CLAIMS1. Method for separating an infill for artificial grass surfaces, the method comprising separating (830) artificial grass filaments from the infill, wherein separating said filaments comprises:- charging electrostatically capture elements (20);- investing said capture elements (20) with a flow of said infill to make said artificial grass filaments (3) to adhere at least partially to said capture elements (20);- removing said artificial grass filaments (3) from said capture elements (20).

2. Method according to claim 1, wherein said capture elements (20) are made of electrically insulating material, wherein separating (830) said filaments (3) comprises electrostatically discharging said capture elements (20), and wherein said removing said artificial grass filaments (3) from said capture elements (20) takes place through suction of said filaments (3) while said capture elements (20) are electrically discharged.

3. Method according to any one of the previous claims, wherein the infill comprises a first granular material and a second granular material (2) having specific density lower than the specific density of the first granular material, wherein the method further comprises granulometrically screening (820) the infill to subdivide the infill into a plurality of infill fractions having respective particle size ranges contiguous to each other and not overlapping, wherein said plurality of infill fractions comprises at least four infill fractions ordered in decreasing particle size order, wherein one of said infill fractions substantially consists of said second granular material (2) and of said artificial grass filaments (3), wherein at least two other infill fractions of said infill fractions each comprise said first and second (2) granular material and the artificial grass filaments (3) and wherein at least one further infill fraction of said infill fractions consists substantially of said first granular material and said artificial grass filaments (3), and wherein said separating (830) said artificial grass filaments (3) is performed on one or more of said infill fractions.

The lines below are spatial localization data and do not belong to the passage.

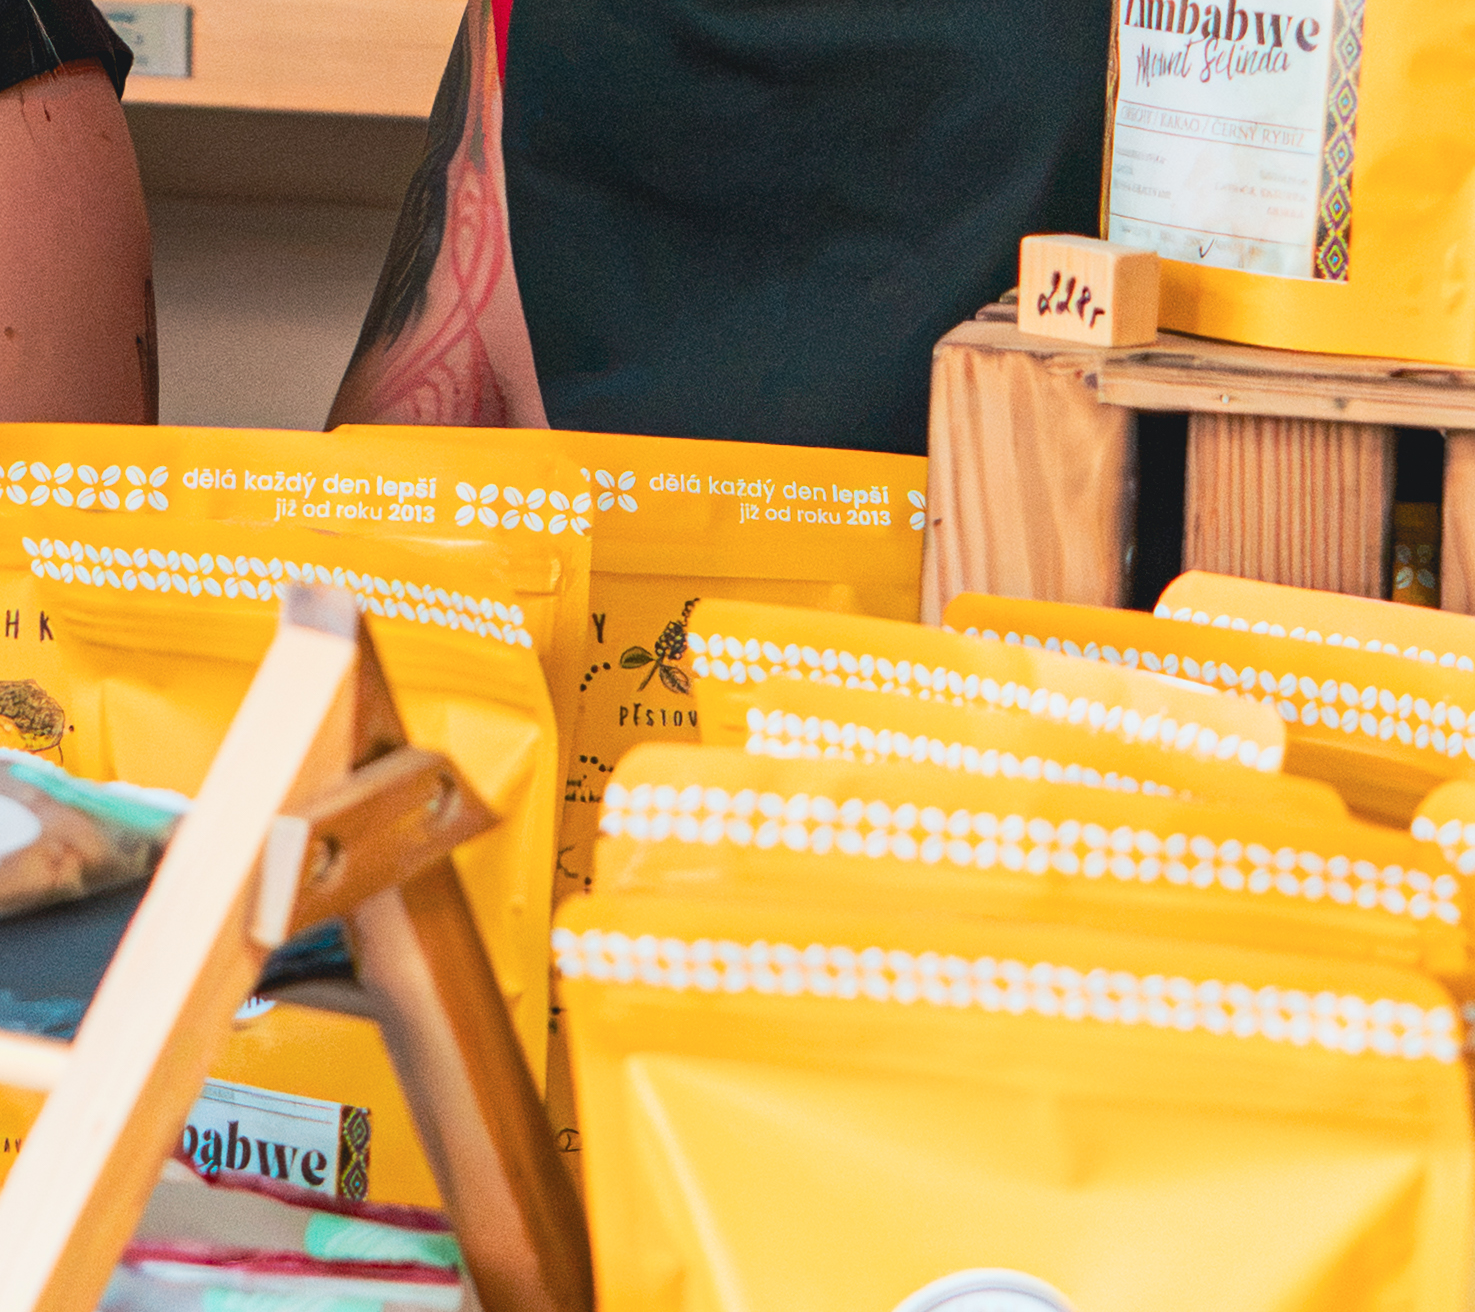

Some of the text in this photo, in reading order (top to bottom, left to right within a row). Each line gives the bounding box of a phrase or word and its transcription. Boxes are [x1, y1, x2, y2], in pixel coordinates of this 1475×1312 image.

[1199, 36, 1291, 83] Selinda
[181, 466, 438, 507] dělá každý den lepší
[648, 473, 890, 506] dělá každý den lepší
[274, 495, 436, 525] již od roku 2013
[738, 503, 892, 527] již od roku 2013
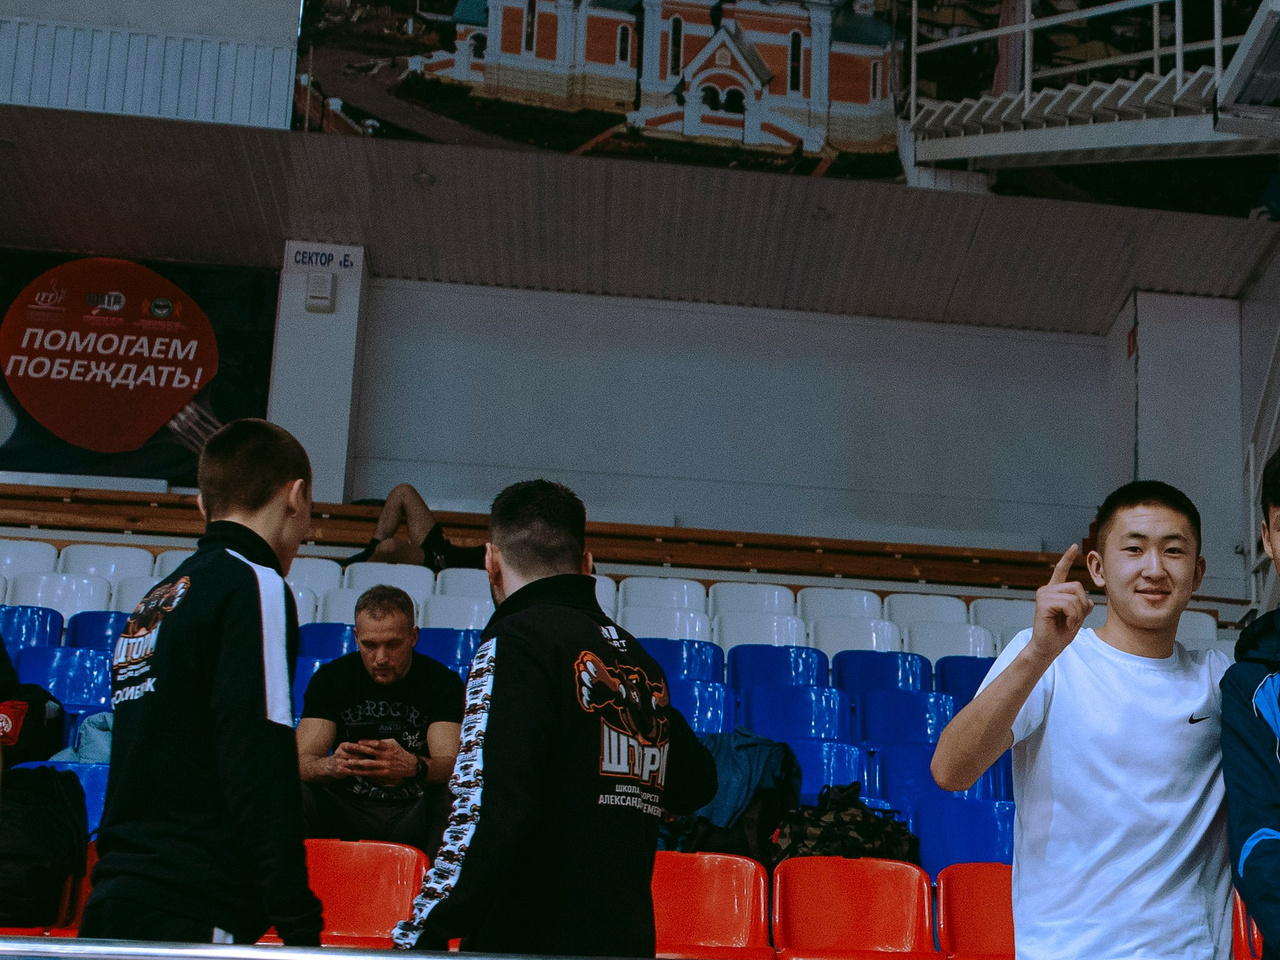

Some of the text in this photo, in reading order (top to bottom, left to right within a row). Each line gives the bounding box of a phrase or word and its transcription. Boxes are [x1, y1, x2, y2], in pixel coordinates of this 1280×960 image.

[294, 250, 334, 267] СЕКТОР
[21, 327, 198, 361] ПОМОГАЕМ
[5, 355, 203, 390] ПОБЕЖДАТЬ!
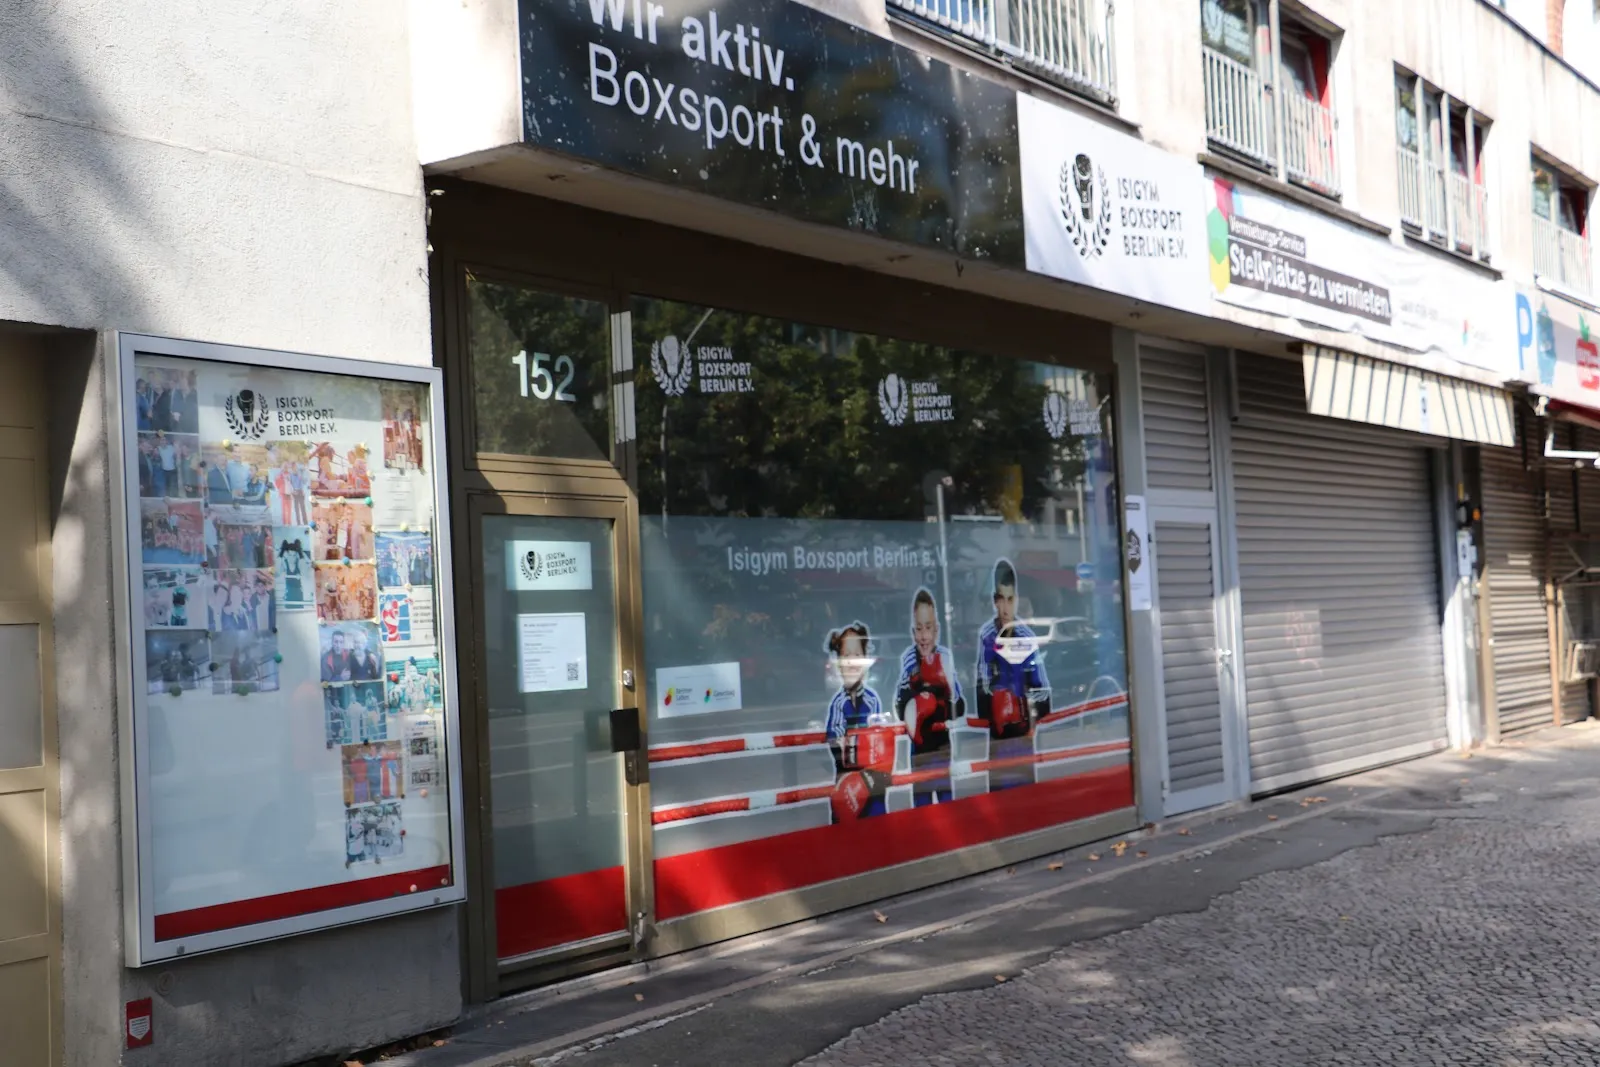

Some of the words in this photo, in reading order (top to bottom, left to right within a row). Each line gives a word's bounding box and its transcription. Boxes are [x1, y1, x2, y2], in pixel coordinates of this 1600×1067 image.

4. Method according to claim 3, further comprising, subsequent to said separating (830) said artificial grass filaments (3):- densimetrically separating (840) one or more infill fractions into a respective first infill sub-fraction (601) and a respective second infill sub-fraction (650) having a density lower than said respective first infill sub-fraction (601), wherein each first infill sub-fraction (601) substantially consists of said first granular material and each second infill sub-fraction (650) substantially consists of said second granular material (2) and said artificial grass filaments (3).

5. Method according to claim 4, further comprising:- a further separation operation (850) of said artificial grass filaments (3) from one or more of said infill fractions and / or from one or more of said second infill sub-fractions (650), wherein said further operation of separation (850) separates said artificial grass filaments (3) from said second granular material (2), wherein said further separation operation (850) comprises investing said infill in free fall with a flow of air.

6. Method according to any one of the previous claims, further comprising, prior to said separating (830) said artificial grass filaments from the infill and said granulometrically screening (820):- mixing (800) said infill and, subsequently,- drying (810) said infill, wherein the method comprises, during said drying (810) the infill, sucking powders and / or artificial grass filaments fromsaid infill.

7. Plant (99) for separating an infill for artificial grass surfaces, the plant (99) comprising:- one or more capture devices, each capture device comprising a main body (21) defining a cavity (22) and comprising an inlet (23) and an outlet (24), and,- a movement system (75) of the infill for generating a flow of said infill from said inlet (23) to said outlet (24) through said cavity (22); wherein each capture device comprises:- capture elements (20) distributed inside said cavity (22);- an electrical system for electrostatically charging said capture elements (22);- a removal system for removing artificial grass filaments (3) from said capture elements (20).

8. Plant (99) according to claim 7, wherein said capture elements (20) are made of electrically insulating material, wherein said main body (21) has a main development direction (100) which goes from the inlet (23) to the outlet (24) of the cavity (22), wherein said main development direction (100) is inclined and descending from the inlet (23) to the outlet (24), wherein said flow of the infill is parallel to said main development direction (100), wherein said capture elements (20) are homogeneously distributed inside said cavity (22), wherein said capture elements (20) have a respective development direction perpendicular to the main development direction (100) of the main body (21), wherein said respective development directions are all parallel to each other, wherein said capture elements (20) have solid cylindrical shape with axis along said main development direction (20), wherein said capture device comprises flow deflectors (30) distributed in the cavity, and having plate-like shape, with a development direction parallel to said respective development direction of said capture elements (20), and wherein said flow deflectors (30) are shaped to create a tortuous path around the main development direction (100) of the main body (21).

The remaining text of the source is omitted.